INT. MANSION ENTRYWAY – DAY
A grand entryway with large crystal chandelier and double circular stairway.
PABLO (40’s), a thick-chested tough hombre in a suit, opens the door, lets Nick in, but puts an arm across Nick’s chest as he closes the door, restraining him from moving forward.
Pablo frisks Nick thoroughly.
He takes him by the arm and leads him through the entryway to the open door of a study.
INT. STUDY – DAY
Floor to ceiling bookshelves on three ways with a sliding ladder to get to the higher shelves.
A coffee table with an elaborate marble chess set sits in front of a love seat.
JOHN (40’s) sits behind an ornate desk. He remains sitting as Pablo brings Nick in.
Pablo nods, then leaves.
JOHN
Where’s the gang?
NICK
This is between you and me. (Confident, doesn’t need any help)
Nick walks forward, stops at the chess set, picks up a queen, examines it.
John displays a handgun.
JOHN
You got balls to come over here by yourself.
NICK
I’ve got my brain. Who needs a weapon?
Let’s play chess for it.
JOHN
You, a peon, want to play me in chess. Do you even know how?
NICK
I need the lap top. My life depends on it.
You beat me, I walk away. (manipulation)
JOHN
It’s my laptop. I’m the one who got it. You pussies were too scared. (Daring)
I’m loyal to those who pay me what it’s worth.
NICK
That wasn’t the deal.
Nick pulls a chair up to the coffee table.
NICK
Your loyalty gets you no friends, which is what loyalty is supposed to be all about, right? (loyal)
I see the board isn’t even set up to play an opponent. What do you do, play yourself?
JOHN
I read books on it. (loner)
NICK
Chess is a game of discipline, something you’ll never have –– Is that why you used our plan to steal everything for yourself? (rebellious)
Nick slides the white queen’s pawn out two.
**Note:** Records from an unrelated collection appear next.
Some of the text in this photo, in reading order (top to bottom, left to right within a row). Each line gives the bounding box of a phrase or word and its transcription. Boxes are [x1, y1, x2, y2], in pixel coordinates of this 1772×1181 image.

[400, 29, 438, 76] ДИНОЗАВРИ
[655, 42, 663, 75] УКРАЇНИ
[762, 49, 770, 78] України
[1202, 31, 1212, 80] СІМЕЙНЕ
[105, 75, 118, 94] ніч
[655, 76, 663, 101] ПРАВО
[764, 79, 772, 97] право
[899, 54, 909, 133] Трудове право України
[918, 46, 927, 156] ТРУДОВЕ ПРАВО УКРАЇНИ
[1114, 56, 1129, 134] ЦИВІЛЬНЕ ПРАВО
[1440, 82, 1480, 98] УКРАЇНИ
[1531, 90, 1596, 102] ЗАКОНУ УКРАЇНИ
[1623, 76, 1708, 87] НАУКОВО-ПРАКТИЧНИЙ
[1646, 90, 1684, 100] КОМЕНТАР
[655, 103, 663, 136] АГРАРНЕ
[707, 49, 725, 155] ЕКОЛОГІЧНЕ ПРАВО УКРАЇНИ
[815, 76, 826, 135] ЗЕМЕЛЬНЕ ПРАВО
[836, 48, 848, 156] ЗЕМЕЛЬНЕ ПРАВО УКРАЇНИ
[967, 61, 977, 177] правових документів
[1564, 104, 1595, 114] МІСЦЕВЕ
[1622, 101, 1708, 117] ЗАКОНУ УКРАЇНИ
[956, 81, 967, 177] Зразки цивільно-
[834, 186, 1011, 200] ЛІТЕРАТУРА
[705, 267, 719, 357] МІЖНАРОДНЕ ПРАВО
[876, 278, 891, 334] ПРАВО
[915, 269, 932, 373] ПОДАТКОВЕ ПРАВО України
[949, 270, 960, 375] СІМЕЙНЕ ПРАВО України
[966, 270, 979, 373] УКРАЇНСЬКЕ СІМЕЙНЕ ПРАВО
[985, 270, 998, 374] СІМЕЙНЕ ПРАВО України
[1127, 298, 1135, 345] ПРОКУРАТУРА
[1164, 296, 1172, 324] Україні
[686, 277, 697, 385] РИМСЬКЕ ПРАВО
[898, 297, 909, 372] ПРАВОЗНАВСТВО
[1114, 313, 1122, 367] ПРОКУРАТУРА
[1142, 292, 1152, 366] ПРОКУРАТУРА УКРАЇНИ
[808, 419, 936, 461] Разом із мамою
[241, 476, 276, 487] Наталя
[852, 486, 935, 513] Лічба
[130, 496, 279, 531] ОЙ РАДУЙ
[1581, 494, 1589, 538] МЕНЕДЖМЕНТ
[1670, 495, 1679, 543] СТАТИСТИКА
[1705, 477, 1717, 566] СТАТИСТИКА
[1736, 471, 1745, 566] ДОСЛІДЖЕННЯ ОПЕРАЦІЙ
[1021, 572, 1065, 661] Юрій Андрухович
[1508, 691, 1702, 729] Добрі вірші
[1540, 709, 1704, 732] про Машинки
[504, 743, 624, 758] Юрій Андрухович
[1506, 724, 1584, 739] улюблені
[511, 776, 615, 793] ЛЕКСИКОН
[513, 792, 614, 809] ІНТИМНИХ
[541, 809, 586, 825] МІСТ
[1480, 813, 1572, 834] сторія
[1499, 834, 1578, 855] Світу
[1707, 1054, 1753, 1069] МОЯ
Why don’t we have our fight right here on the chess board?
John brings his gun, sits on the love seat, pushes out the black queen bishop’s pawn two spaces.
NICK
Sicilian Defense. I would think yours would be two shots to the back of the head.
Fast Action on the table – ten fast moves, pieces fly off the board as the conversation continues normally as if they were talking before they started playing.
NICK
I’ll make sure nobody ever bothers you again.
JOHN
I’ll never trust anything you say. You’re a snake in the grass. (distrust)
Nick
Let’s cut to the chase, shall we? Check.
John moves out of check by taking a pawn. He holds it up.
JOHN
You’re just a pawn to them. You don’t even realize it.
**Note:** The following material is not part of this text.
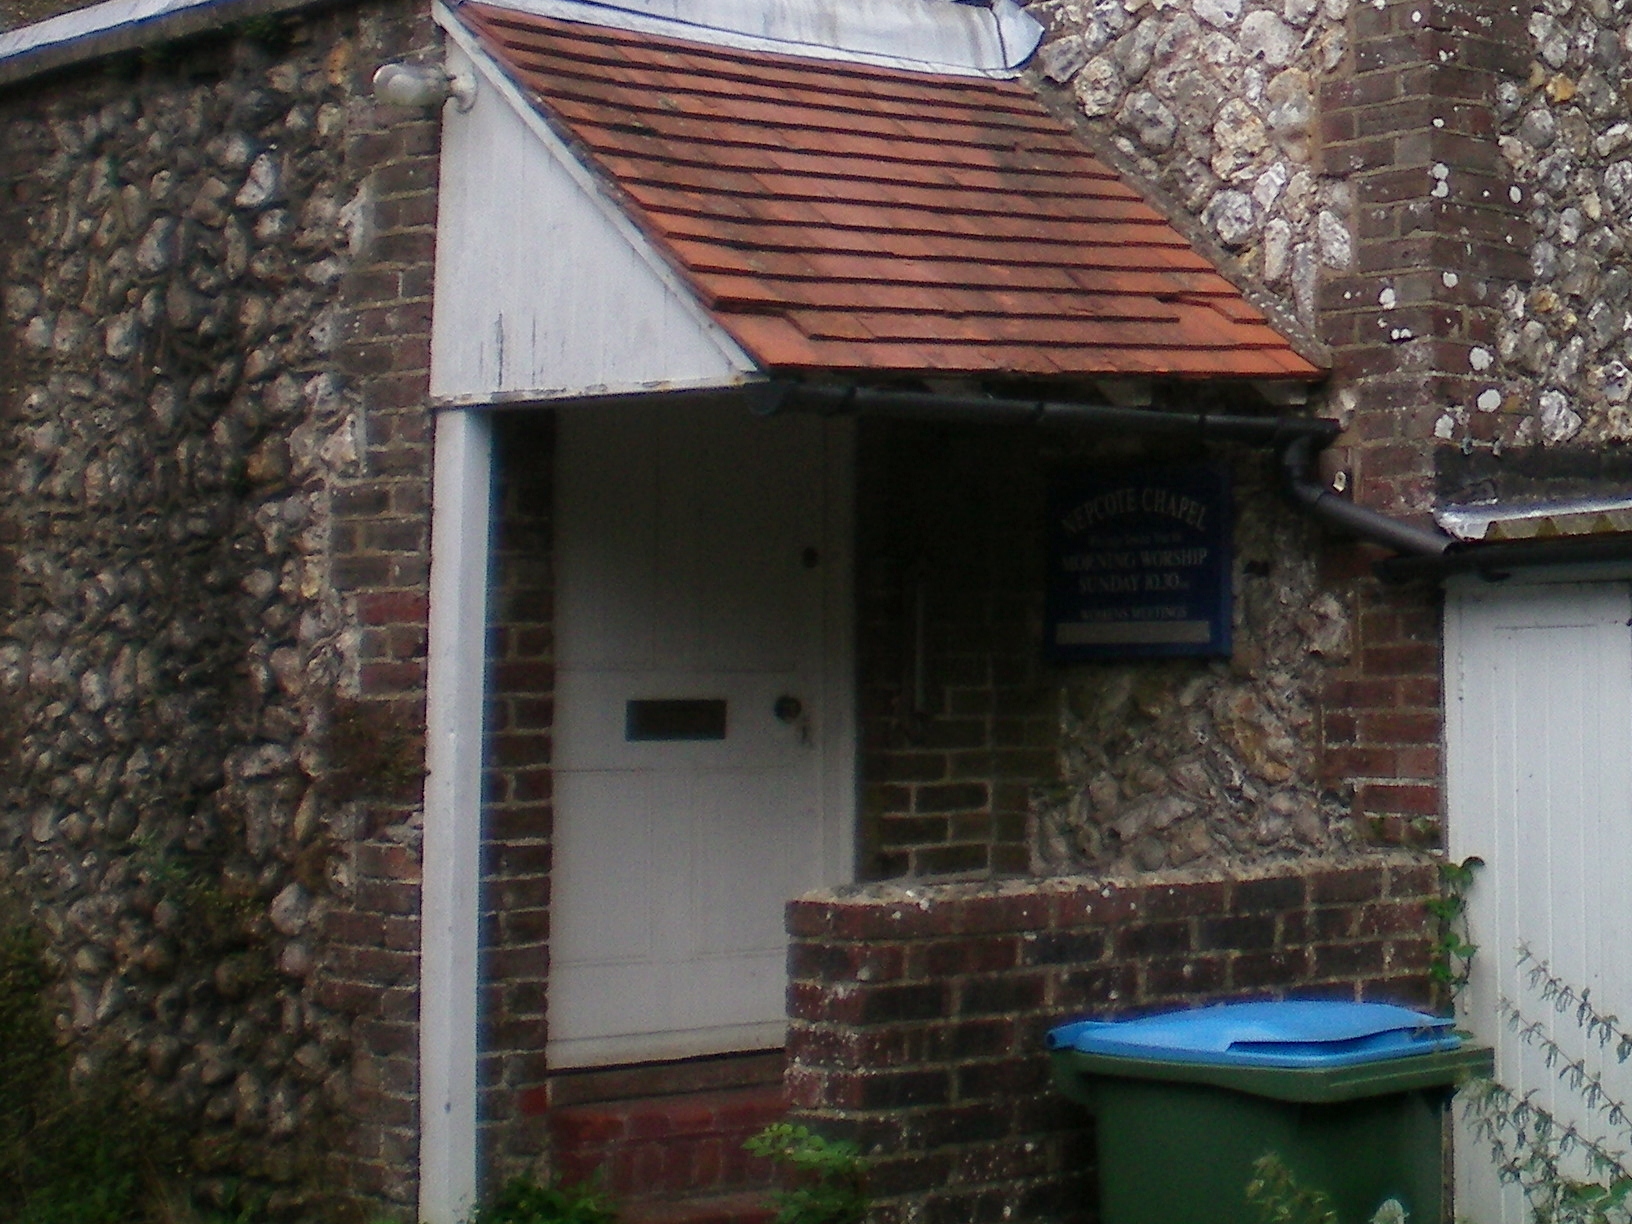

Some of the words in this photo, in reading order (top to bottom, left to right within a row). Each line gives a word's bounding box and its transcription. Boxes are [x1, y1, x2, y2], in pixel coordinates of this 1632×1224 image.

Nick jumps in with his knight.
NICK
Not a pawn, no. I’m the knight in shining armour. Checkmate.
John reviews the board, sighs. He walks back over to the desk, pulls open a drawer, lands Nick a laptop.
Nick examines it, smiles, pulls out a wad of hundreds.
NICK
Hers’s what you wanted. (giver) Now, you’ll be loyal to me?
John checks the money, extends his hand.
JOHN
Deal’s a deal.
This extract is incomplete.